Records for this exercise: Begin
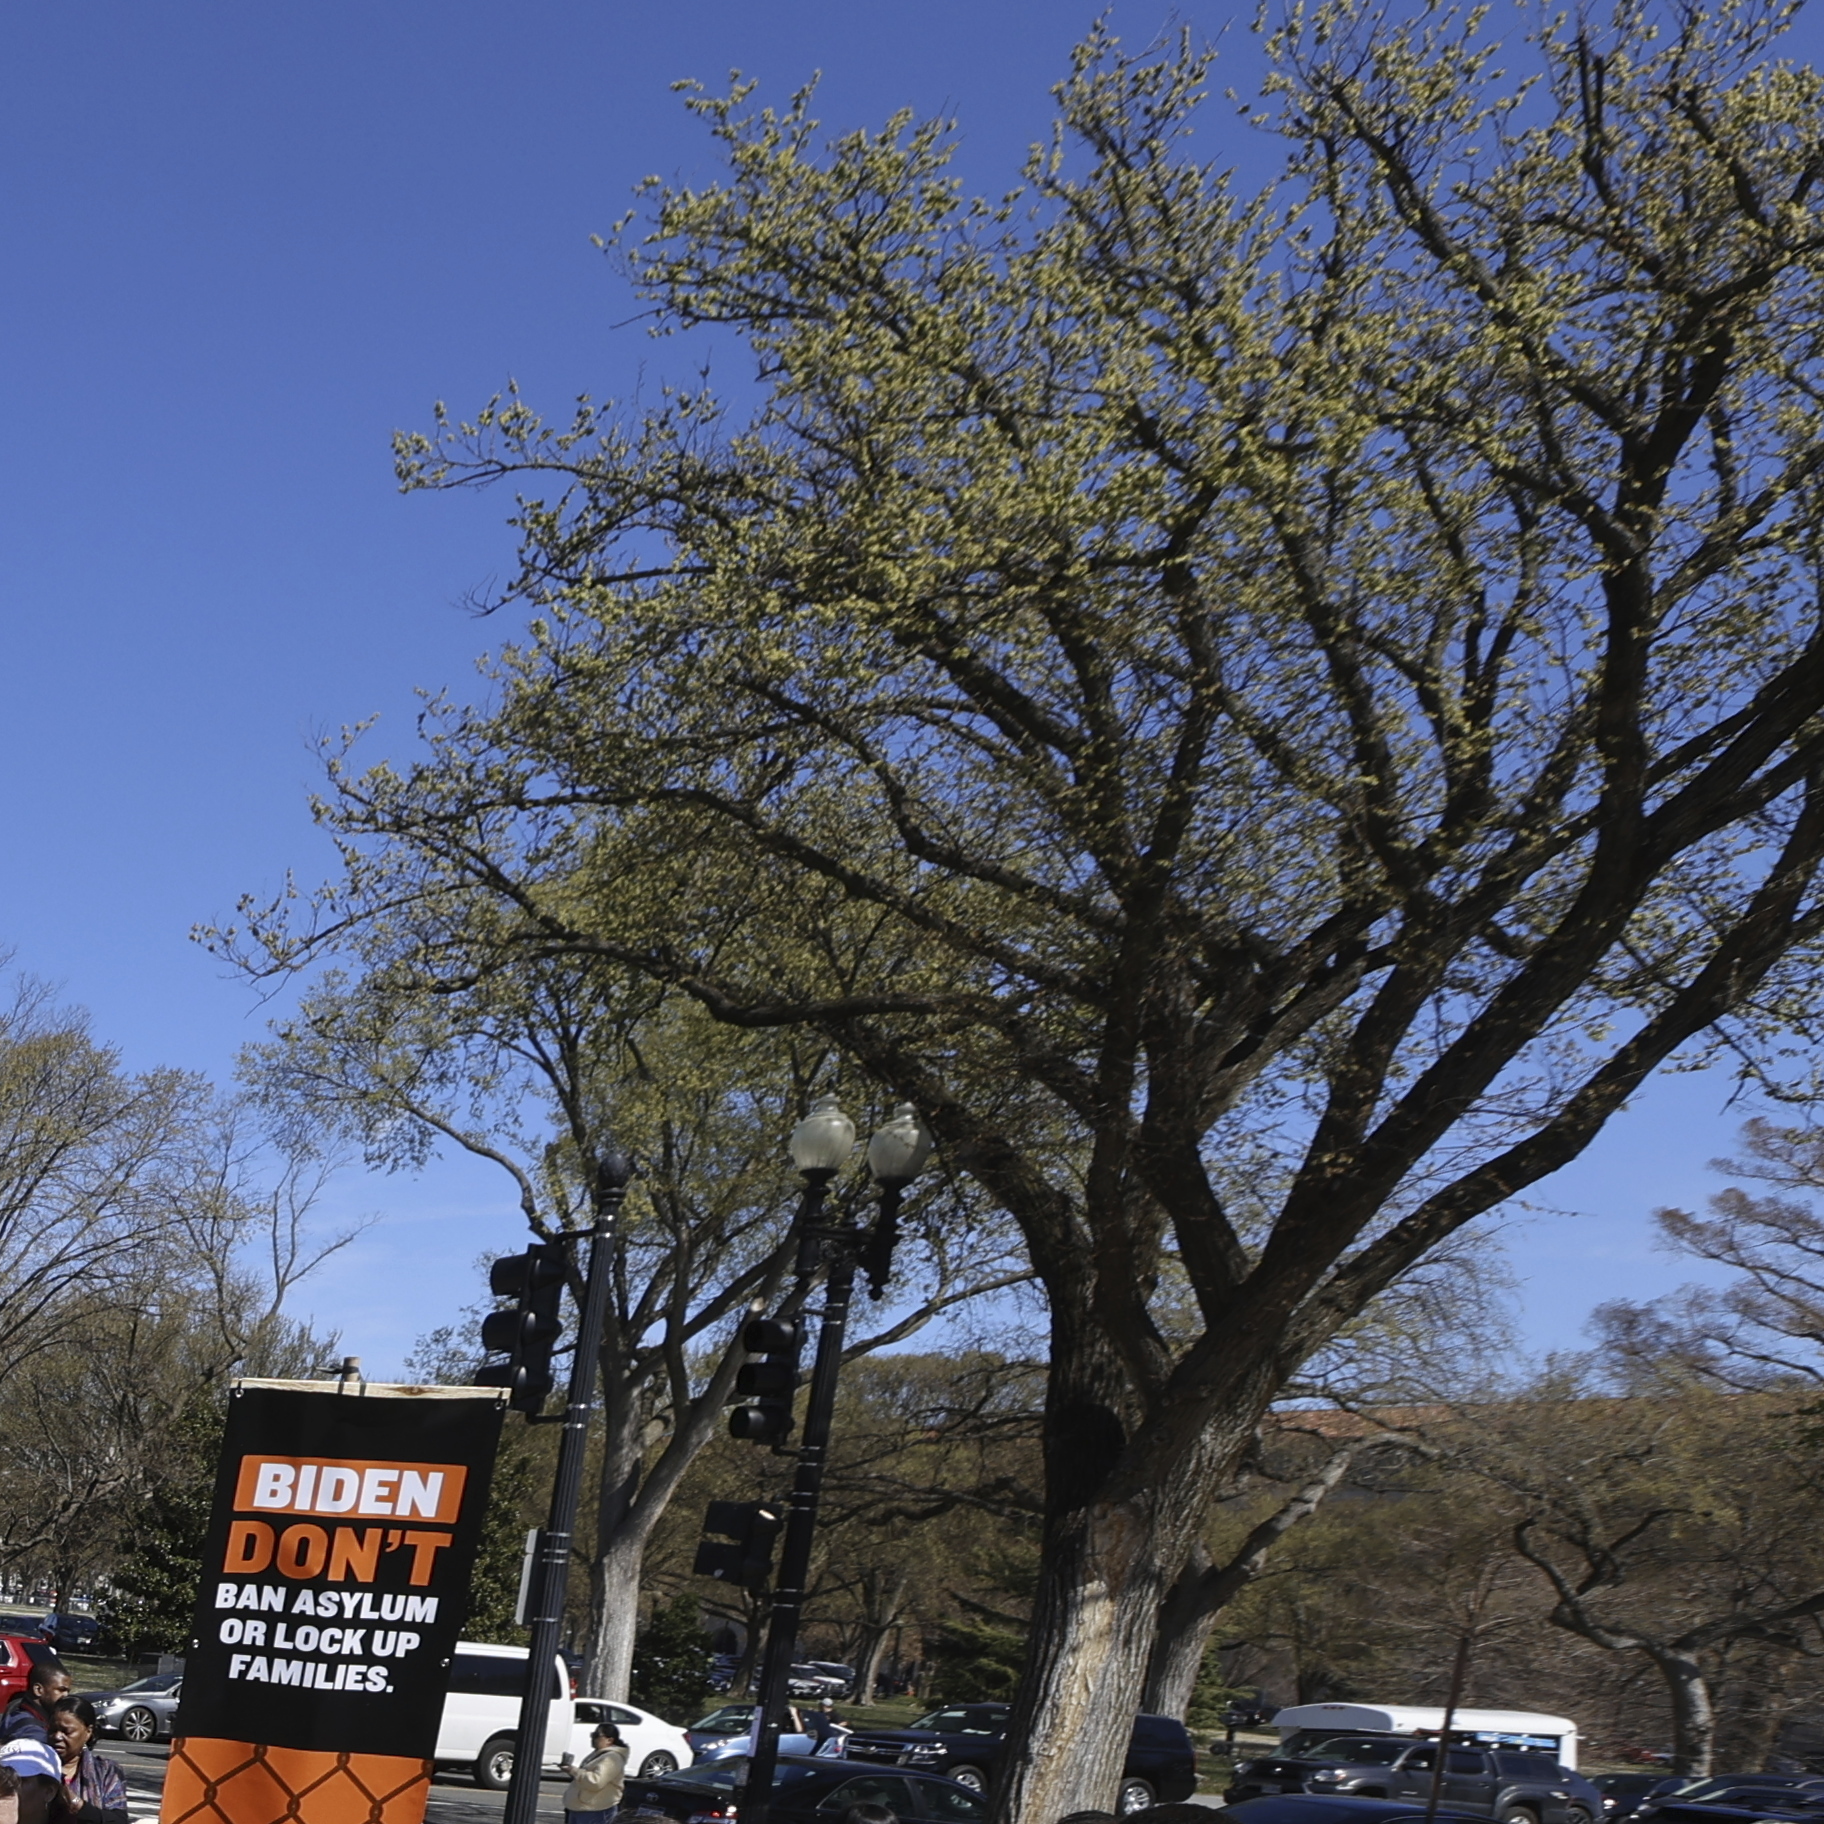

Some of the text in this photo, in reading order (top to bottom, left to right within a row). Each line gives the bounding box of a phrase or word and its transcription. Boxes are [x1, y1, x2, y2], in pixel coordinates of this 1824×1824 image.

[253, 1463, 444, 1517] BIDEN
[214, 1583, 439, 1624] BAN ASYLUM
[219, 1618, 420, 1657] OR LOCK UP
[228, 1653, 394, 1693] FAMILIES.
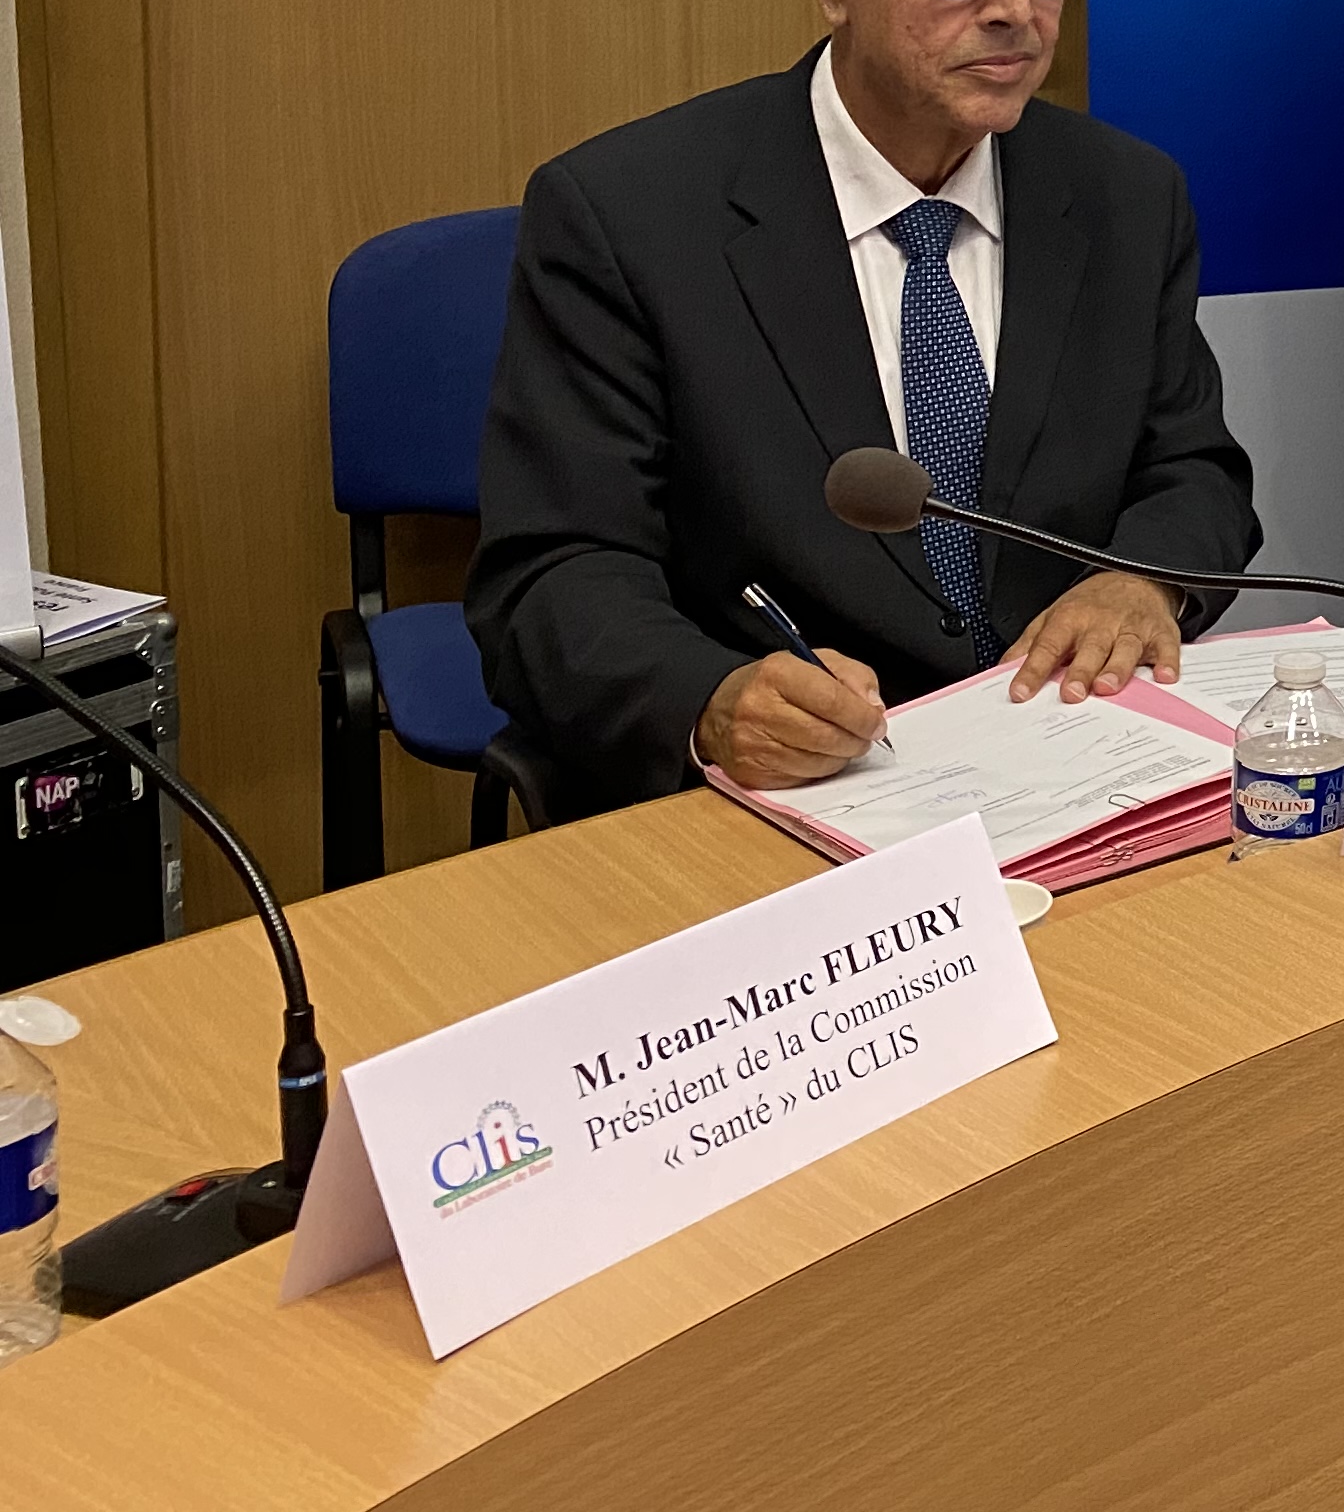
Records for this exercise: End
**Exercise aim**
Set down all of the entries exactly as they appear, but keep the images out.

**Result below**
Some of the text in this photo, in reading order (top to bottom, left to right within a row). Each line gives the bounding box of a phrase or word and its transcription. Boxes are [x1, y1, x2, y2], in pixel coordinates of this 1824×1824 image.

[253, 1463, 444, 1517] BIDEN
[214, 1583, 439, 1624] BAN ASYLUM
[219, 1618, 420, 1657] OR LOCK UP
[228, 1653, 394, 1693] FAMILIES.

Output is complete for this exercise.